A las pocas semanas de confinamiento, y quizás para justificar el encierro severo que sufrían los más pequeños, se les calificó de “superpropagadores”, “contagiadores encubiertos” o “grandes contagiadores”, expresión a veces seguida de un tétrico “silenciosos”. Por un tiempo las personas que odian a los niños encontraron el caldo ideal para soltar sus soflamas sobre lo bien que estaban en casa encerrados y sin montar escándalo, empleando unos términos que se habrían considerado inadmisibles en caso de referirse a cualquier otro grupo de edad.
No me sorprendió que algunos pusieran el grito en el cielo cuando se permitió a niños como Julia salir de casa nada menos que una hora diaria. Aseguraron que habría un repunte de casos y, como si se acercara el apocalipsis, publicaron fotografías de familias paseando por avenidas y zonas verdes. Tacharon al Gobierno de cobarde, a los padres de irresponsables y a sus hijos de consentidos a los que nadie ponía límites.
Los adultos que aún mantenían su puesto de trabajo se fueron incorporando de manera presencial. A nadie le preocupó entonces quién iba a cuidar de los niños durante el horario laboral como no les había preocupado quién se estaba haciendo cargo de ellos en los largos días de confinamiento. Las escuelas seguían cerradas y el debate no era tanto el derecho a la educación de nuestros pequeños como qué haríamos con ellos cuando saliésemos a ganarnos el pan.
Con el fin del verano llegó la vuelta a las aulas. A las tareas escolares se había sumado la nueva responsabilidad de no propagar el virus. La parte buena es que la ciencia se había puesto, de nuevo, del lado de las autoridades y, si mientras convenía tenerlos encerrados en casa los estudios los trataban de grandes contagiadores, en septiembre Julia estrenó curso sabiendo que el virus la respetaba mucho más que a los adultos y que, de ponerse enferma, era poco probable que infectara a alguien.
Nuestros niños llevan desde septiembre soportando las clases con la mascarilla puesta toda la jornada, las ventanas abiertas a pesar del frío, el cuidado de no pasar de la zona de patio asignada, la responsabilidad de cumplir con unos horarios aún más estrictos que de costumbre y la tristeza del grupo burbuja.

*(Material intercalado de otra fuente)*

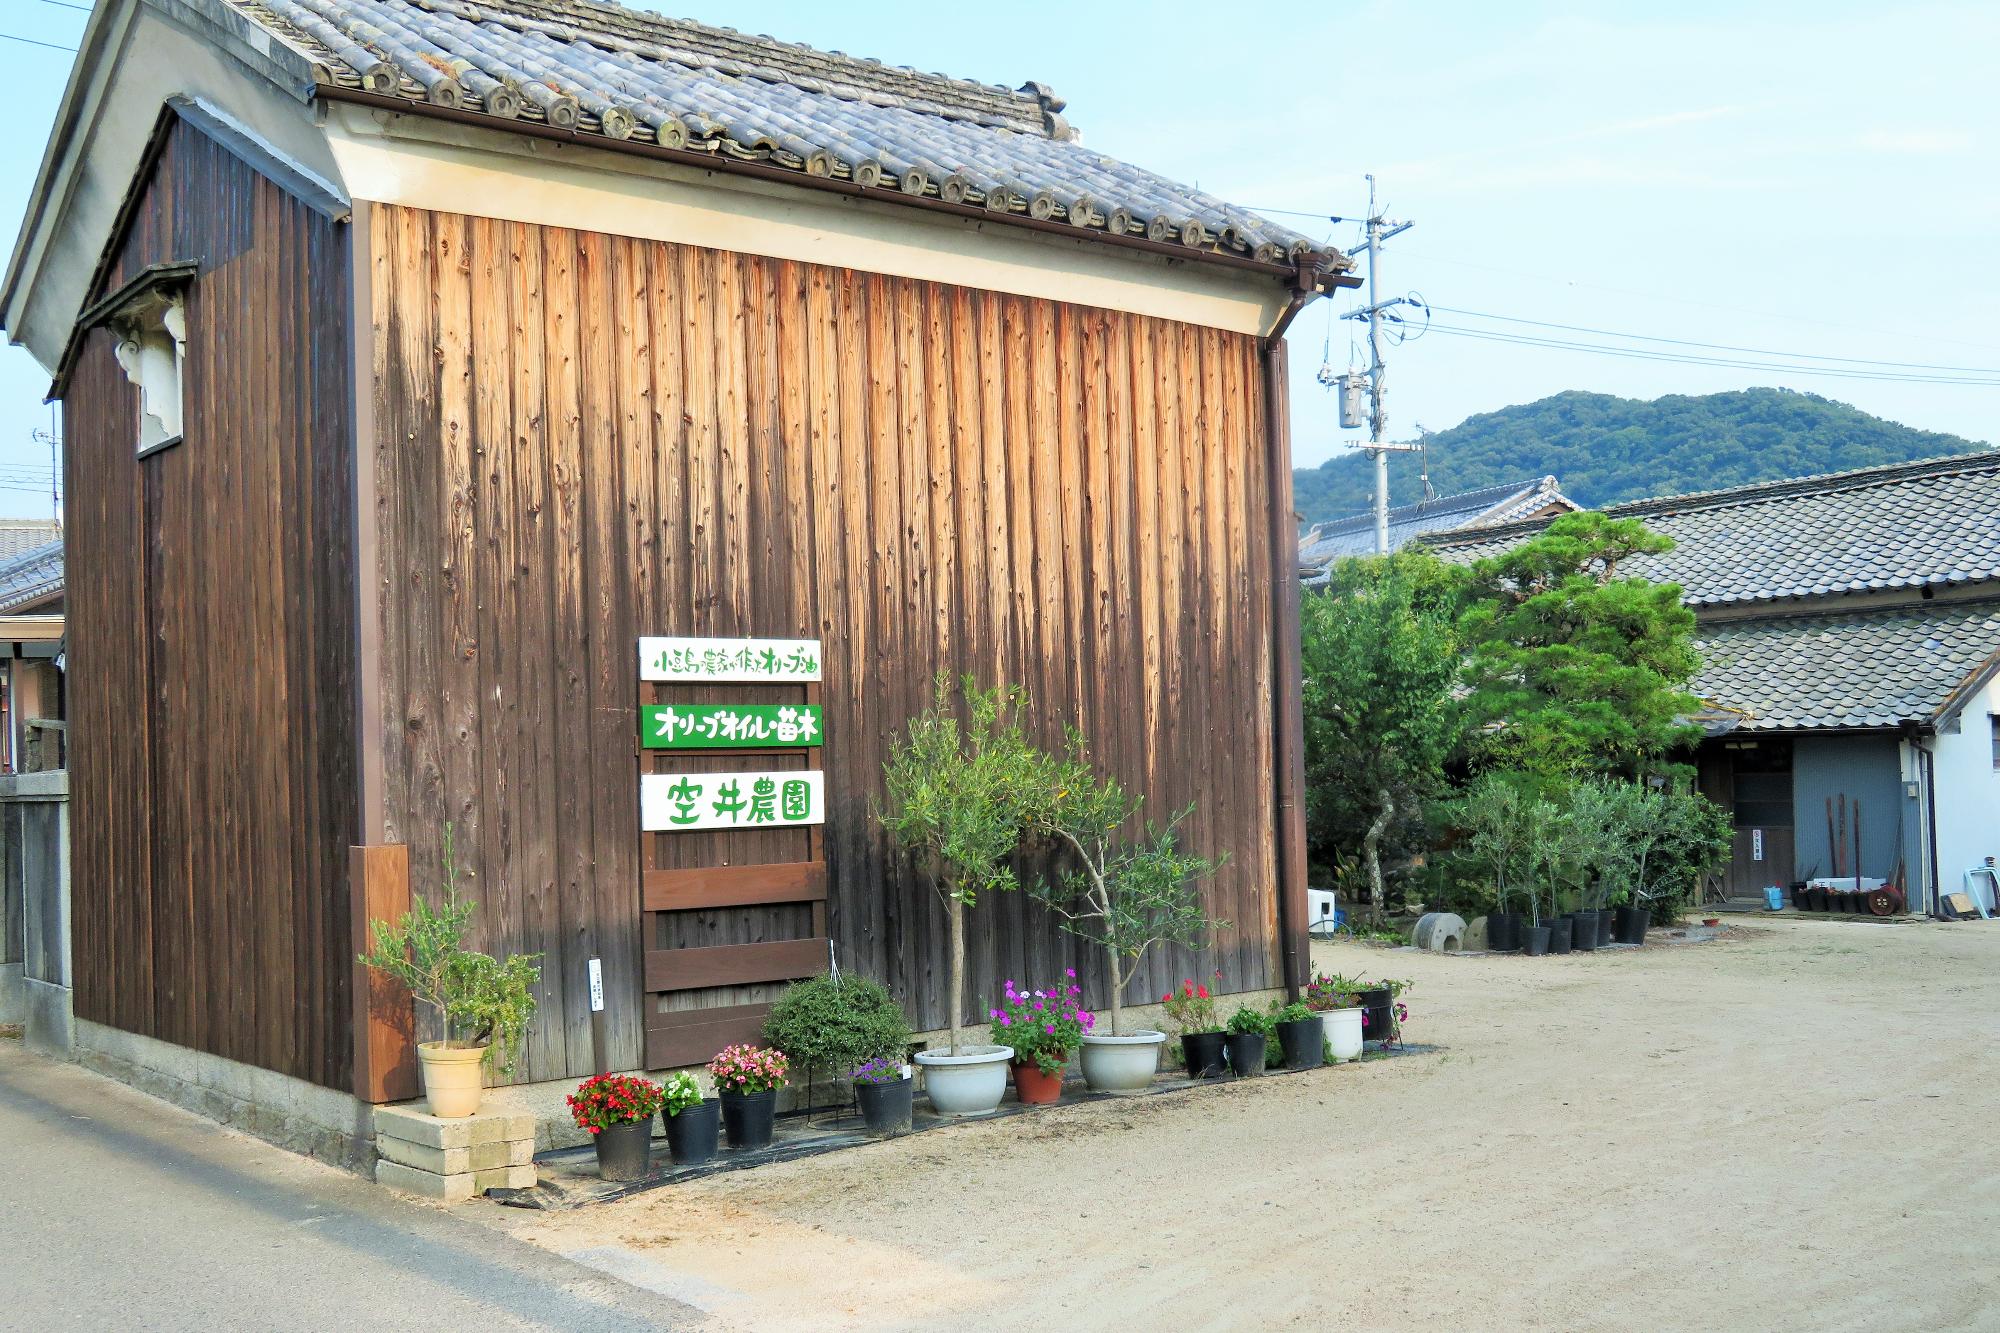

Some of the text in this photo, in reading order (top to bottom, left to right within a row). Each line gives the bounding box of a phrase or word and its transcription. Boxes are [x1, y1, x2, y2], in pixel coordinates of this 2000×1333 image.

[654, 706, 818, 742] オリーブオイル・苗木
[667, 776, 811, 824] 空井農園
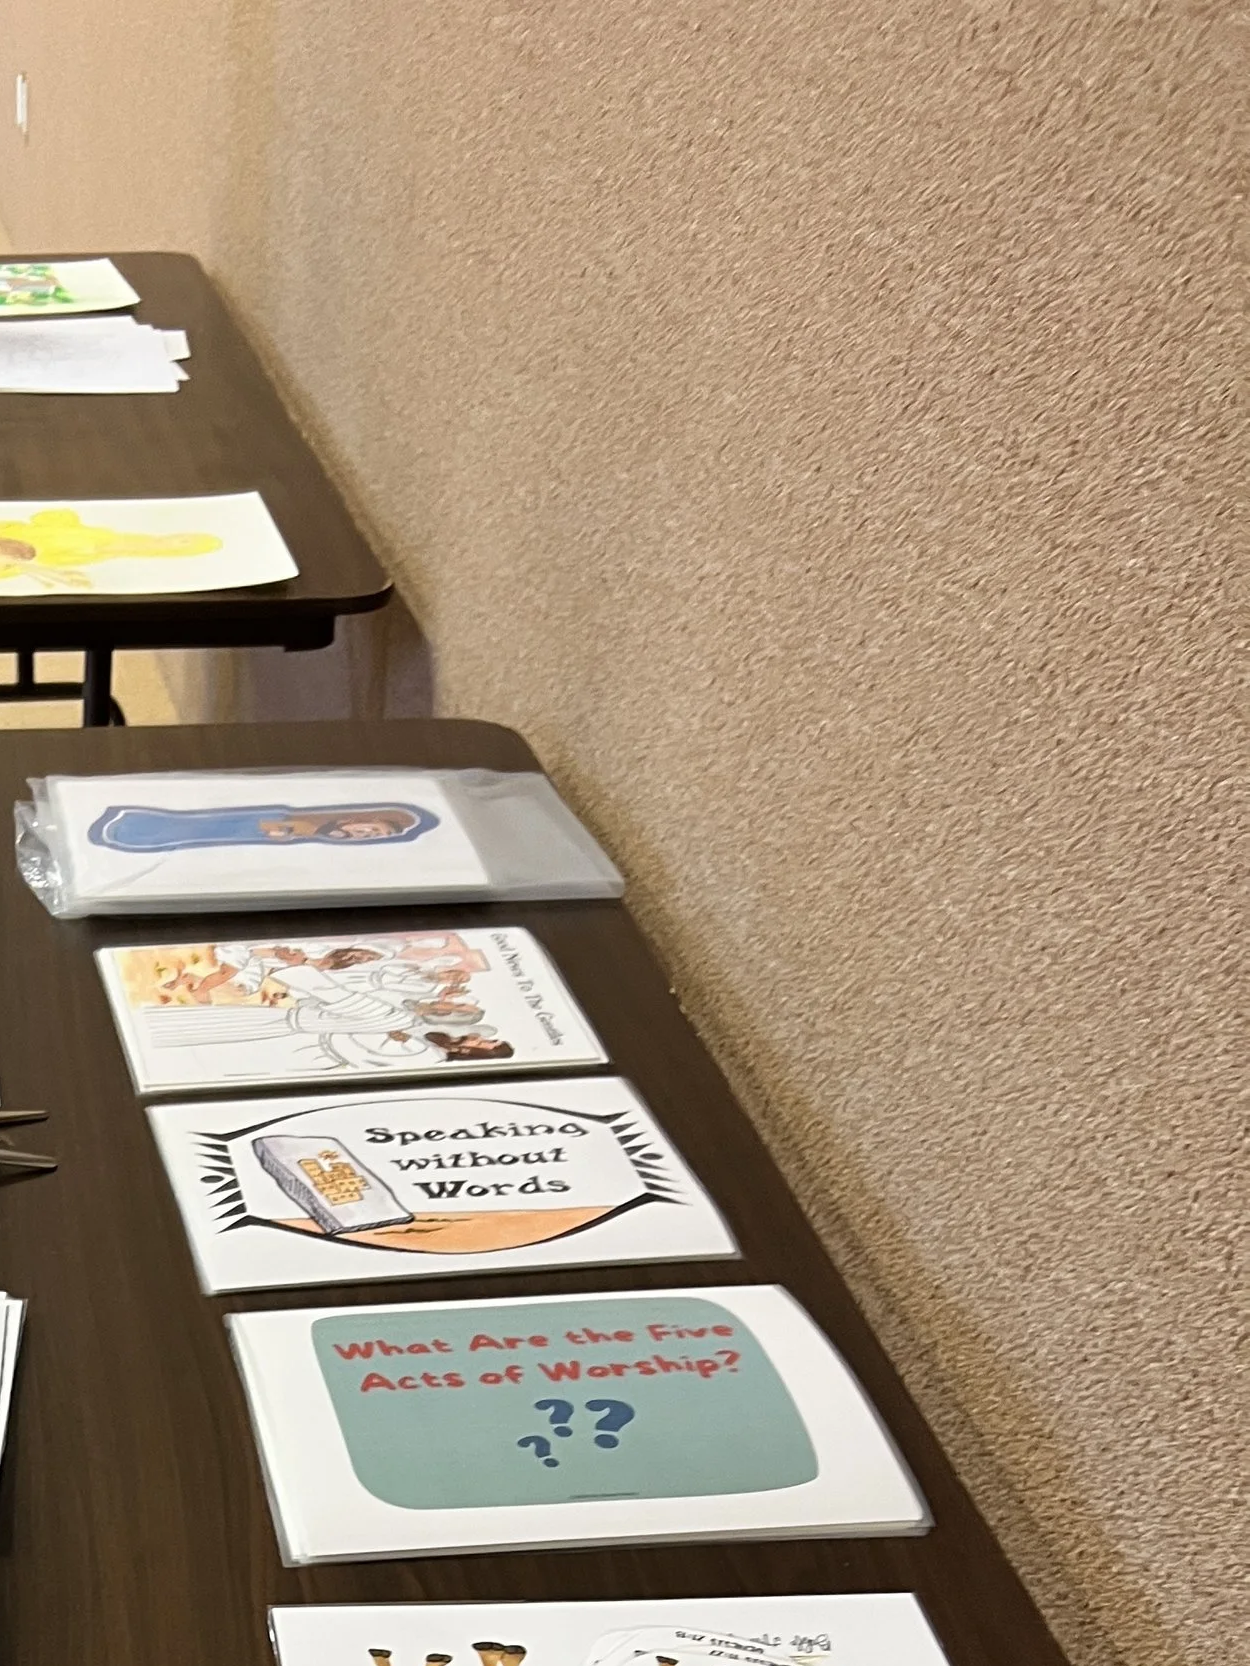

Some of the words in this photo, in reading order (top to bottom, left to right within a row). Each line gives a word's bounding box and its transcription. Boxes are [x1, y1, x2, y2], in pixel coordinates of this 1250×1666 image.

A todo esto se une que abrimos los centros educativos pero mantuvimos los parques cerrados a pesar de que no hay ninguna evidencia de que jugar en el parque suponga un peligro para la propagación del virus. Además, no se ha tenido en cuenta la realidad de cada barrio y lo mismo se han cerrado los parques de barrios enormes en los que se puede disfrutar de otros espacios como museos o plazas, que el único parque de un pequeño suburbio ubicado en un polígono industrial.
Los niños asisten entre la perplejidad y la resignación a cada una de estas situaciones. No se revuelven. No se quejan. No nos cuestionan. El temor a la enfermedad y a la muerte, el encierro, el aislamiento y la crisis económica en la que ya estamos inmersos les afecta desde hace meses. La Administración no ha reforzado los servicios de salud mental a la infancia como no ha reforzado apenas la Atención Primaria o la atención educativa.
A pocas semanas de las fiestas navideñas, nuestros políticos han puesto sobre la mesa la conveniencia de que los menores computen como personas. Si Julia hubiera leído los titulares se habría alegrado, convencida de que por fin alguien se planteaba tratarla como la persona que es: tendría comida caliente a diario, un piso con balcón, conexión a internet y un barrio con algo más que un parque cerrado.
Nosotros sabemos bien que ese cómputo no es más que un número para sumar hasta diez en las celebraciones familiares pero ojalá, ojalá, el próximo año nos traiga un cómputo real de los niños como personas y no como la patata caliente que han sido en los últimos meses, por no decir siempre.